It certainly has been a great start to the year for the S&P/ASX 200 Health Care (Index: ^AXHJ) (ASX: XHJ). Year-to-date the healthcare index has smashed the market with a whopping 15% gain.
Despite this huge gain I still feel there are a number of healthcare shares which could climb significantly higher over the next 12 months. Here they are:
The Japara Healthcare Ltd (ASX: JHC) share price has fallen 30% in the last 12 months due largely to funding concerns in the aged care sector. This has left the leading aged care operator's shares changing hands at just over 14x trailing earnings and at a level which I believe provides investors with a good risk/reward. As Australia's population ages, demand for care is expected to rise strongly. Japara aims to meet this demand with the addition of over 1,100 new greenfield places by FY 2020. This will be an increase of approximately 29% on its current places.
The Monash IVF Group Ltd (ASX: MVF) share price is down 20% since the start of October due to the impact of increased competition. Although competition has heated up in the fertility treatment industry, I think Australia's second-largest IVF provider will bounce back thanks to the strong underlying demand fundamentals for IVF and women's imaging services. At just over 15x trailing earnings and providing a trailing fully franked 4.1% dividend, Monash IVF could be worth revisiting in my opinion.

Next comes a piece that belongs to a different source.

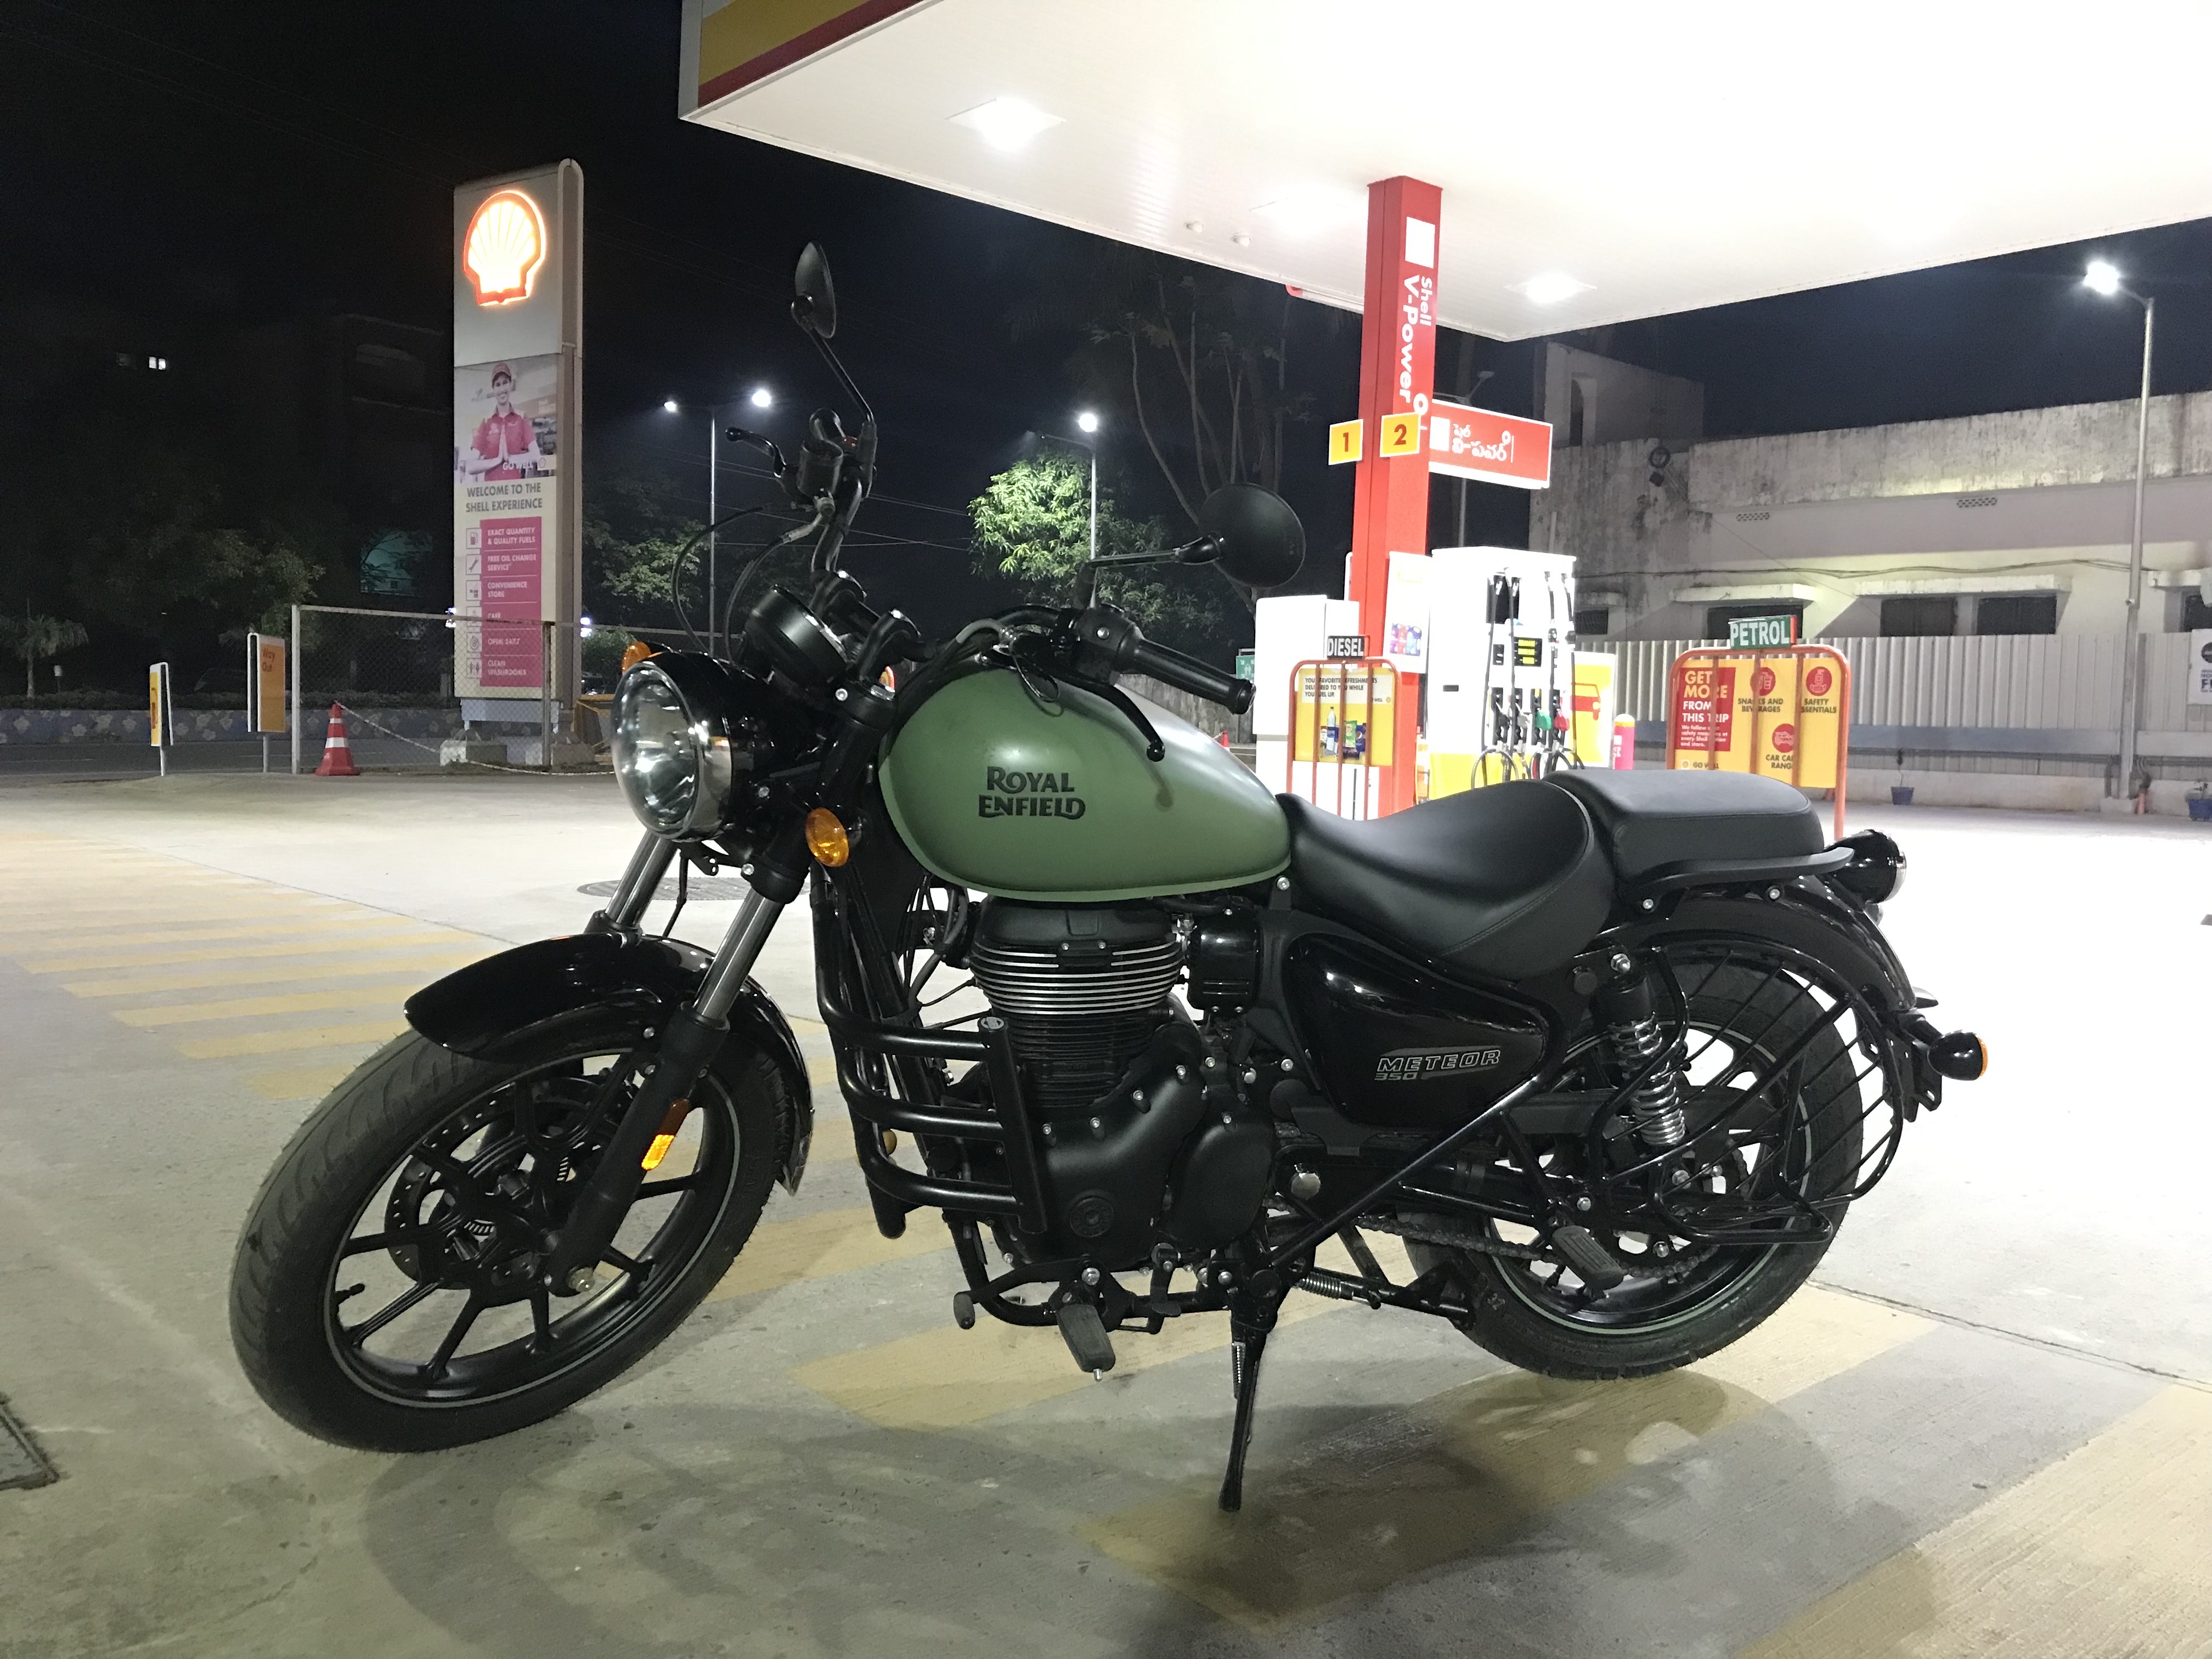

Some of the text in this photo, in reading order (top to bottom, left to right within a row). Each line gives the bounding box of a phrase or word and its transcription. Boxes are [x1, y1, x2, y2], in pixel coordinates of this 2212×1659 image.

The Ramsay Health Care Limited (ASX: RHC) share price may have jumped 11% in the last 12 months, but I still see significant gains ahead for the private hospital operator. Due to ageing populations across the world, increased chronic disease burden, and improvement in treatments, I think Ramsay is in a great position to grow organically over the next decade. The company also has the potential to grow inorganically through acquisitions and expansions. While 29x trailing earnings may sound expensive, I think its long-term growth prospects more than justify the premium.